* [Exercise instructions]: Please copy all of the entries exactly, but drop every picture.

* [The records]:
^^^^

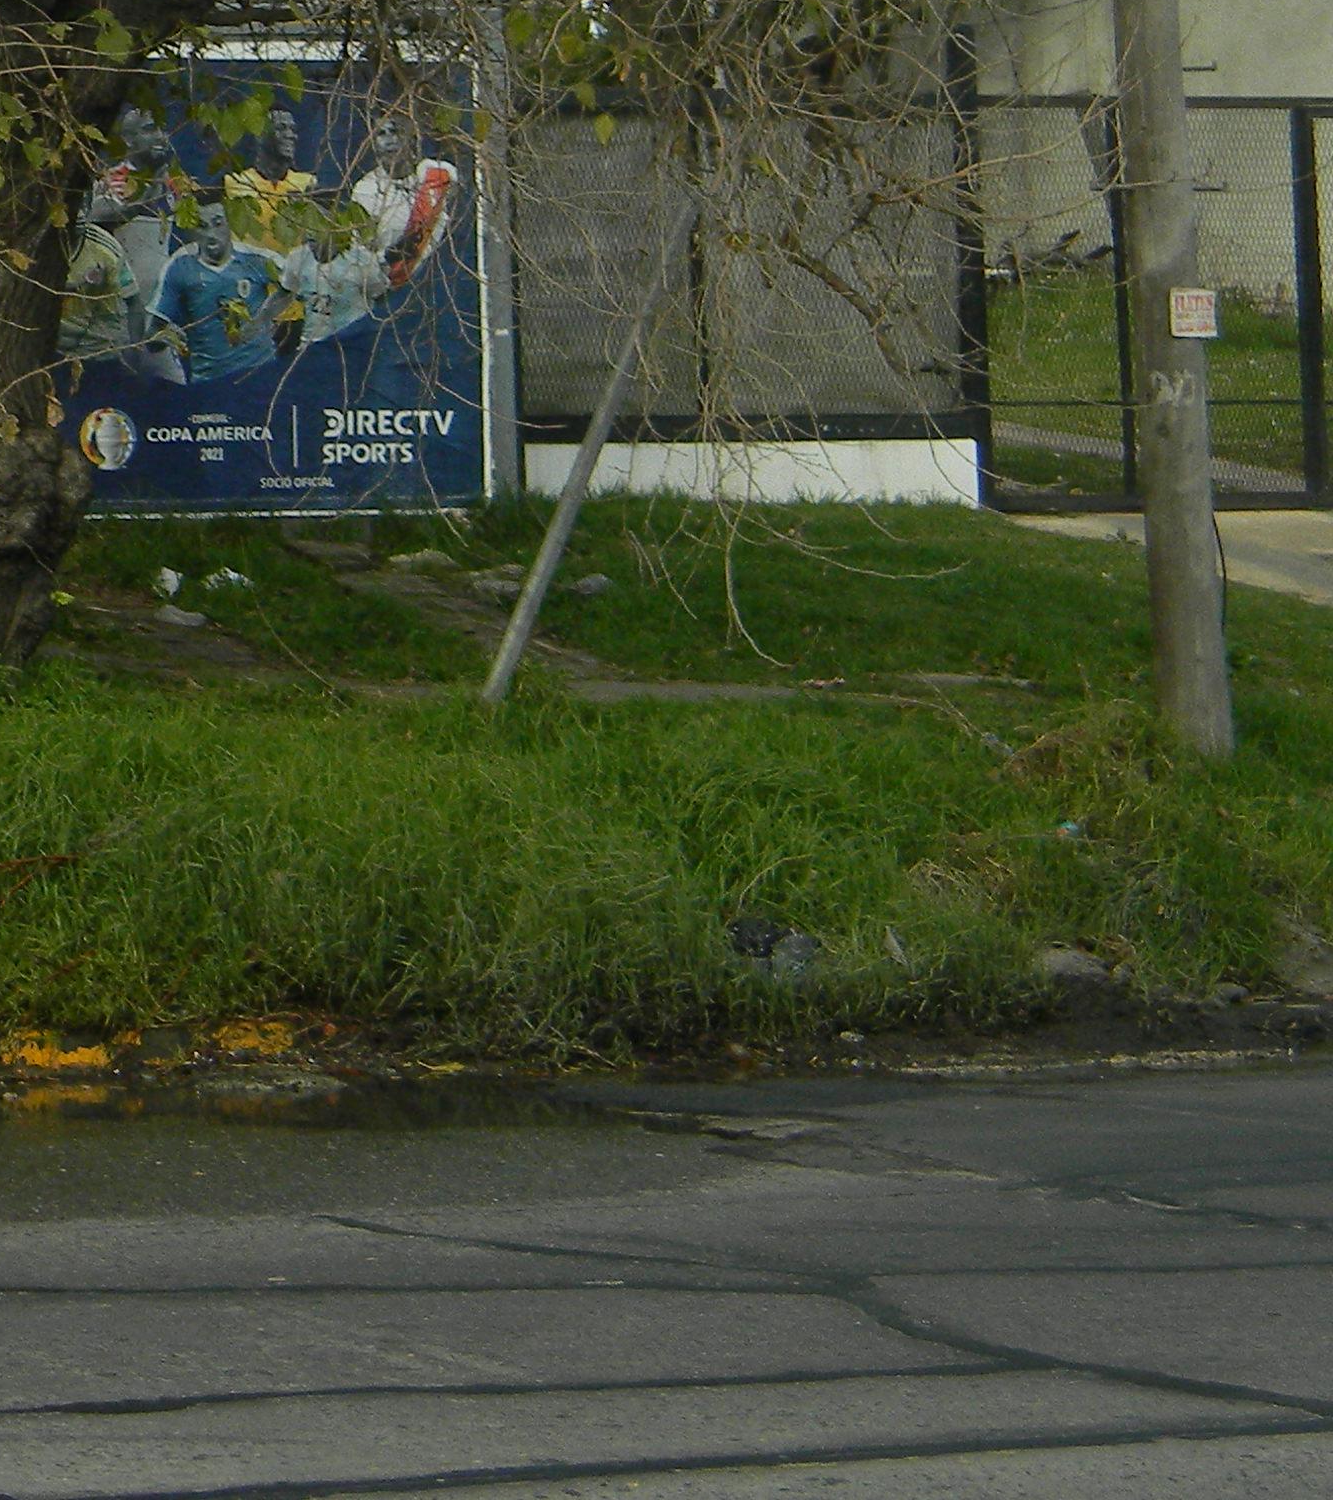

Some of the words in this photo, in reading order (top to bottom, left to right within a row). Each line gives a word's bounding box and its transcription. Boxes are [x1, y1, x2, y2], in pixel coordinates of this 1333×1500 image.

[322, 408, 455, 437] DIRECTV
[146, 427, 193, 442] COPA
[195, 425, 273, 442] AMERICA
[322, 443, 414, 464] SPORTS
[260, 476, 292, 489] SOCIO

^^^^

* [Response area]:
Some of the words in this photo, in reading order (top to bottom, left to right within a row). Each line gives a word's bounding box and its transcription. Boxes are [x1, y1, x2, y2], in pixel coordinates of this 1333×1500 image.

[322, 408, 455, 437] DIRECTV
[146, 427, 193, 442] COPA
[195, 425, 273, 442] AMERICA
[322, 443, 414, 464] SPORTS
[260, 476, 292, 489] SOCIO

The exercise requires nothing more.